* _WHAT TO PRODUCE_
In the material below, print every line exactly and omit the pictures.
-- DATA TO USE follows --
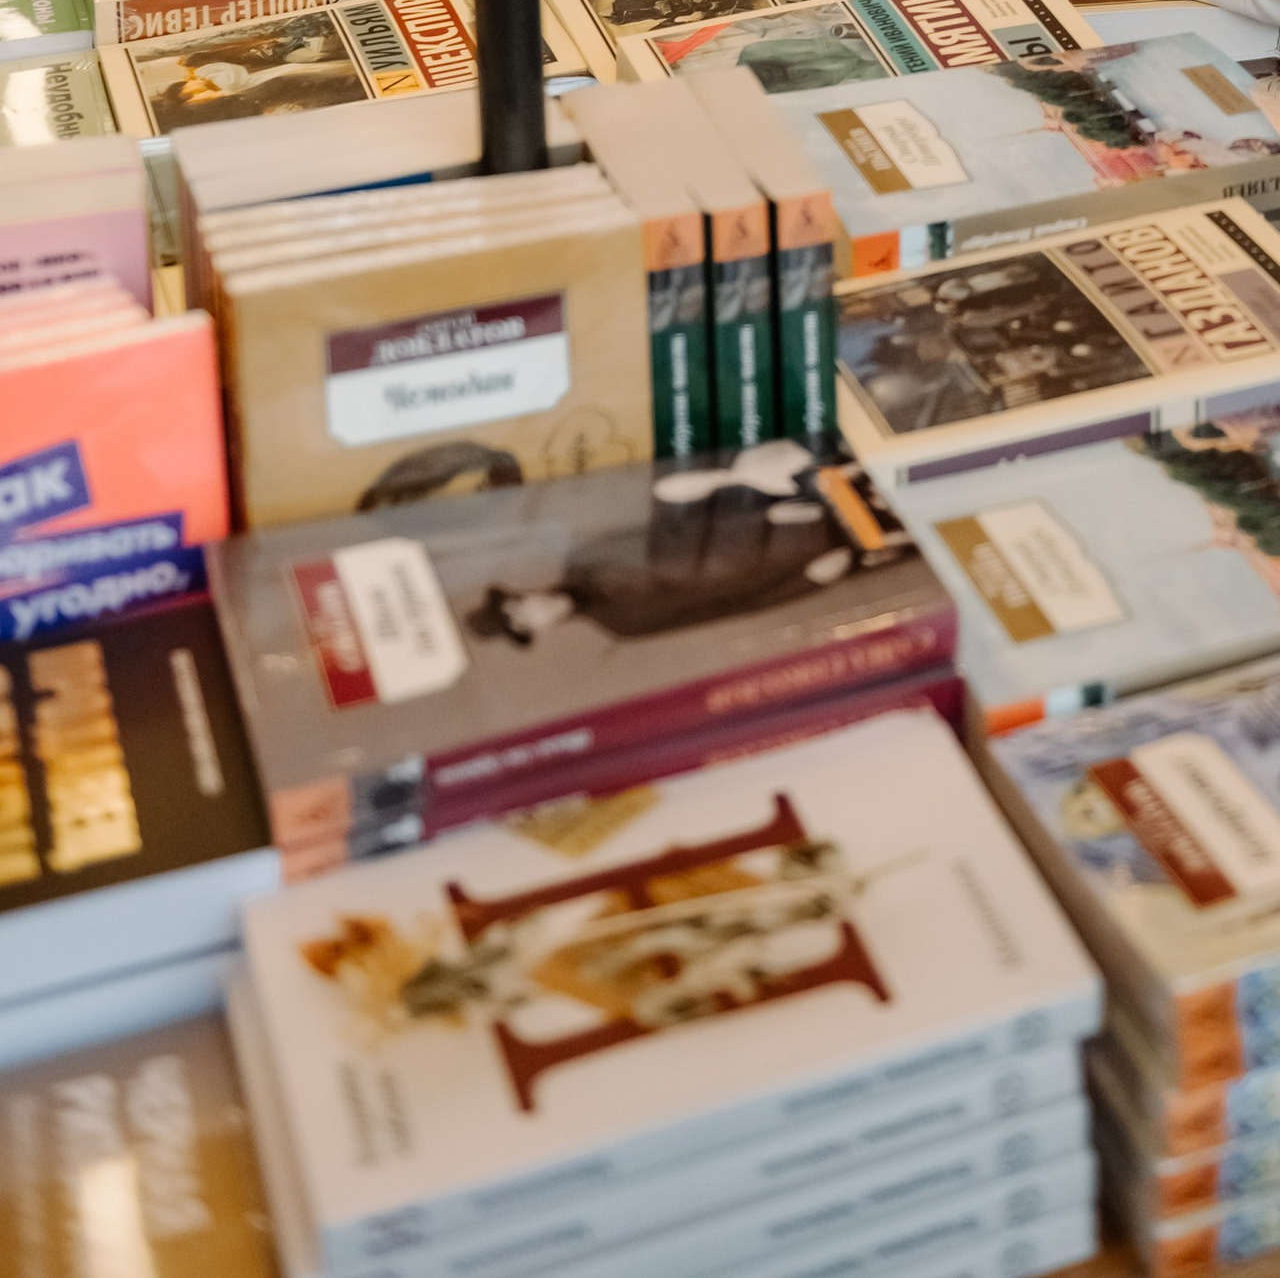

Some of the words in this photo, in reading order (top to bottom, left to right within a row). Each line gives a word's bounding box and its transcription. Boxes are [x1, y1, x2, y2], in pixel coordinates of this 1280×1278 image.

[127, 6, 214, 41] ТЕВИС
[343, 1, 409, 72] УИЛЬЯМ
[1008, 35, 1053, 59] Ы
[1064, 239, 1187, 342] ГАЙТО
[1103, 223, 1275, 364] ГАЗДАНОВ
[0, 455, 75, 524] ак
-- DATA TO USE concluded --
* _RESPONSE FOR THIS EXERCISE_
Some of the words in this photo, in reading order (top to bottom, left to right within a row). Each line gives a word's bounding box and its transcription. Boxes are [x1, y1, x2, y2], in pixel coordinates of this 1280×1278 image.

[127, 6, 214, 41] ТЕВИС
[343, 1, 409, 72] УИЛЬЯМ
[1008, 35, 1053, 59] Ы
[1064, 239, 1187, 342] ГАЙТО
[1103, 223, 1275, 364] ГАЗДАНОВ
[0, 455, 75, 524] ак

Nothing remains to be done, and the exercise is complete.